<<<<
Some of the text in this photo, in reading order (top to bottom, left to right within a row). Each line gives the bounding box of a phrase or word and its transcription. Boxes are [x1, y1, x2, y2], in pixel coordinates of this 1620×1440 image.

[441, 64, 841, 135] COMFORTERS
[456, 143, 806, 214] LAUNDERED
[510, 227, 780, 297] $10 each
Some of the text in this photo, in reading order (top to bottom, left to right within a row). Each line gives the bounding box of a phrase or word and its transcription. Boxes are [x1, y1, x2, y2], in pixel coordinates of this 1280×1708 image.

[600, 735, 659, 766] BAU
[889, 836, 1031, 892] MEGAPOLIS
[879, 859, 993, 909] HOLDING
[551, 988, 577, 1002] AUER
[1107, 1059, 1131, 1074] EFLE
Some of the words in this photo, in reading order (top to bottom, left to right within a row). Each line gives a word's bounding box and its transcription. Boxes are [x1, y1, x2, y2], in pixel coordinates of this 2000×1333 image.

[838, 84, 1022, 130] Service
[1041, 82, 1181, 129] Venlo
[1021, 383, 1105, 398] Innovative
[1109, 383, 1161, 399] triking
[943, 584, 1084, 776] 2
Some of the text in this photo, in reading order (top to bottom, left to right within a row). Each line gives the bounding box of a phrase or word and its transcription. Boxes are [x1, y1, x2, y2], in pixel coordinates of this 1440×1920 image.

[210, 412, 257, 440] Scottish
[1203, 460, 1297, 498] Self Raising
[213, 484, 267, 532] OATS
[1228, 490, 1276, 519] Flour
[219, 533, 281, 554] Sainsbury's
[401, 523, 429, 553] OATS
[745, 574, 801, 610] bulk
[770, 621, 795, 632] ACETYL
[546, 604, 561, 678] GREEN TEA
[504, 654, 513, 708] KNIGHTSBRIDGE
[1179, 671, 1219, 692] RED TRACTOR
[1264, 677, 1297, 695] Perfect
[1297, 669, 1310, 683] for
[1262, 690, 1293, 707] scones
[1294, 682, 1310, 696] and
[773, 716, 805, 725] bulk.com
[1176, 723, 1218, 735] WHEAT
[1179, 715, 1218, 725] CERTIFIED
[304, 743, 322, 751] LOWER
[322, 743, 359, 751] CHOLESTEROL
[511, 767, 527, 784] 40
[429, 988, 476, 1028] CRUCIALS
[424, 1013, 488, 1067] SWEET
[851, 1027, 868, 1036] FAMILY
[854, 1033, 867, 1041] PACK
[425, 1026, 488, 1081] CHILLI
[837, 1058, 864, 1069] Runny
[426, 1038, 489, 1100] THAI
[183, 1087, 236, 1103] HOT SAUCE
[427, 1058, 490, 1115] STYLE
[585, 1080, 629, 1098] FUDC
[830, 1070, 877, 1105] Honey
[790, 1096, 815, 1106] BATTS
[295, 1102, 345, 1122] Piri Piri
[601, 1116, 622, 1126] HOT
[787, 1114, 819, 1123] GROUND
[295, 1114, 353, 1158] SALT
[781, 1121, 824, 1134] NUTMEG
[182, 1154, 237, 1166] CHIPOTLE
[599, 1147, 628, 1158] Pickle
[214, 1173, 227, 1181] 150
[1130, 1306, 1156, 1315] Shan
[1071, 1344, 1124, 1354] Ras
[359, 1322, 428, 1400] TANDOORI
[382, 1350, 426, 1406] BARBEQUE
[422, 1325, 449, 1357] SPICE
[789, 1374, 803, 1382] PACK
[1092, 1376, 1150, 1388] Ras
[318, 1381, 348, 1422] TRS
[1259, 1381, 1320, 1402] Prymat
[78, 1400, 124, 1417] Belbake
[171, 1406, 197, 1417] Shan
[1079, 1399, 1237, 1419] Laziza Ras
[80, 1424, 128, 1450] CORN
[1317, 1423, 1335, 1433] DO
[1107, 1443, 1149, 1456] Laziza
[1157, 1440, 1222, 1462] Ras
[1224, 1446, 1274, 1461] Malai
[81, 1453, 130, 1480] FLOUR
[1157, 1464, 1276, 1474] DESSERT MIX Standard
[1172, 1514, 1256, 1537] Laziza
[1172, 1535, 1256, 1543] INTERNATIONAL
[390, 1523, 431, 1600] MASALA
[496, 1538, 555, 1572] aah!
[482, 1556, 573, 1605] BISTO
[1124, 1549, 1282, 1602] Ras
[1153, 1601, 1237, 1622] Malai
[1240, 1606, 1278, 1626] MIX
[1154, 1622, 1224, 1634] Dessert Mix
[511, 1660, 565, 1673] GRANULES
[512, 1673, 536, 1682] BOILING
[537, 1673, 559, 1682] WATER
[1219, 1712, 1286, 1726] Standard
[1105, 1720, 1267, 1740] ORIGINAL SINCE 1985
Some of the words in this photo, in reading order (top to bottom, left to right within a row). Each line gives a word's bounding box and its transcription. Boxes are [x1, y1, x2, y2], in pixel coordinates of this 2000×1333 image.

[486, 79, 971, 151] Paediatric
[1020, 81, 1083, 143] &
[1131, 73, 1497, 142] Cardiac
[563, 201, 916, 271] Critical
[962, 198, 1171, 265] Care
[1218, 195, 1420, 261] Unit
>>>>
- **Problem requirements**: Transcribe the listing above exactly, including every line.

- **Response to this task**:
Some of the text in this photo, in reading order (top to bottom, left to right within a row). Each line gives the bounding box of a phrase or word and its transcription. Boxes are [x1, y1, x2, y2], in pixel coordinates of this 1620×1440 image.

[441, 64, 841, 135] COMFORTERS
[456, 143, 806, 214] LAUNDERED
[510, 227, 780, 297] $10 each
Some of the text in this photo, in reading order (top to bottom, left to right within a row). Each line gives the bounding box of a phrase or word and its transcription. Boxes are [x1, y1, x2, y2], in pixel coordinates of this 1280×1708 image.

[600, 735, 659, 766] BAU
[889, 836, 1031, 892] MEGAPOLIS
[879, 859, 993, 909] HOLDING
[551, 988, 577, 1002] AUER
[1107, 1059, 1131, 1074] EFLE
Some of the words in this photo, in reading order (top to bottom, left to right within a row). Each line gives a word's bounding box and its transcription. Boxes are [x1, y1, x2, y2], in pixel coordinates of this 2000×1333 image.

[838, 84, 1022, 130] Service
[1041, 82, 1181, 129] Venlo
[1021, 383, 1105, 398] Innovative
[1109, 383, 1161, 399] triking
[943, 584, 1084, 776] 2
Some of the text in this photo, in reading order (top to bottom, left to right within a row). Each line gives the bounding box of a phrase or word and its transcription. Boxes are [x1, y1, x2, y2], in pixel coordinates of this 1440×1920 image.

[210, 412, 257, 440] Scottish
[1203, 460, 1297, 498] Self Raising
[213, 484, 267, 532] OATS
[1228, 490, 1276, 519] Flour
[219, 533, 281, 554] Sainsbury's
[401, 523, 429, 553] OATS
[745, 574, 801, 610] bulk
[770, 621, 795, 632] ACETYL
[546, 604, 561, 678] GREEN TEA
[504, 654, 513, 708] KNIGHTSBRIDGE
[1179, 671, 1219, 692] RED TRACTOR
[1264, 677, 1297, 695] Perfect
[1297, 669, 1310, 683] for
[1262, 690, 1293, 707] scones
[1294, 682, 1310, 696] and
[773, 716, 805, 725] bulk.com
[1176, 723, 1218, 735] WHEAT
[1179, 715, 1218, 725] CERTIFIED
[304, 743, 322, 751] LOWER
[322, 743, 359, 751] CHOLESTEROL
[511, 767, 527, 784] 40
[429, 988, 476, 1028] CRUCIALS
[424, 1013, 488, 1067] SWEET
[851, 1027, 868, 1036] FAMILY
[854, 1033, 867, 1041] PACK
[425, 1026, 488, 1081] CHILLI
[837, 1058, 864, 1069] Runny
[426, 1038, 489, 1100] THAI
[183, 1087, 236, 1103] HOT SAUCE
[427, 1058, 490, 1115] STYLE
[585, 1080, 629, 1098] FUDC
[830, 1070, 877, 1105] Honey
[790, 1096, 815, 1106] BATTS
[295, 1102, 345, 1122] Piri Piri
[601, 1116, 622, 1126] HOT
[787, 1114, 819, 1123] GROUND
[295, 1114, 353, 1158] SALT
[781, 1121, 824, 1134] NUTMEG
[182, 1154, 237, 1166] CHIPOTLE
[599, 1147, 628, 1158] Pickle
[214, 1173, 227, 1181] 150
[1130, 1306, 1156, 1315] Shan
[1071, 1344, 1124, 1354] Ras
[359, 1322, 428, 1400] TANDOORI
[382, 1350, 426, 1406] BARBEQUE
[422, 1325, 449, 1357] SPICE
[789, 1374, 803, 1382] PACK
[1092, 1376, 1150, 1388] Ras
[318, 1381, 348, 1422] TRS
[1259, 1381, 1320, 1402] Prymat
[78, 1400, 124, 1417] Belbake
[171, 1406, 197, 1417] Shan
[1079, 1399, 1237, 1419] Laziza Ras
[80, 1424, 128, 1450] CORN
[1317, 1423, 1335, 1433] DO
[1107, 1443, 1149, 1456] Laziza
[1157, 1440, 1222, 1462] Ras
[1224, 1446, 1274, 1461] Malai
[81, 1453, 130, 1480] FLOUR
[1157, 1464, 1276, 1474] DESSERT MIX Standard
[1172, 1514, 1256, 1537] Laziza
[1172, 1535, 1256, 1543] INTERNATIONAL
[390, 1523, 431, 1600] MASALA
[496, 1538, 555, 1572] aah!
[482, 1556, 573, 1605] BISTO
[1124, 1549, 1282, 1602] Ras
[1153, 1601, 1237, 1622] Malai
[1240, 1606, 1278, 1626] MIX
[1154, 1622, 1224, 1634] Dessert Mix
[511, 1660, 565, 1673] GRANULES
[512, 1673, 536, 1682] BOILING
[537, 1673, 559, 1682] WATER
[1219, 1712, 1286, 1726] Standard
[1105, 1720, 1267, 1740] ORIGINAL SINCE 1985
Some of the words in this photo, in reading order (top to bottom, left to right within a row). Each line gives a word's bounding box and its transcription. Boxes are [x1, y1, x2, y2], in pixel coordinates of this 2000×1333 image.

[486, 79, 971, 151] Paediatric
[1020, 81, 1083, 143] &
[1131, 73, 1497, 142] Cardiac
[563, 201, 916, 271] Critical
[962, 198, 1171, 265] Care
[1218, 195, 1420, 261] Unit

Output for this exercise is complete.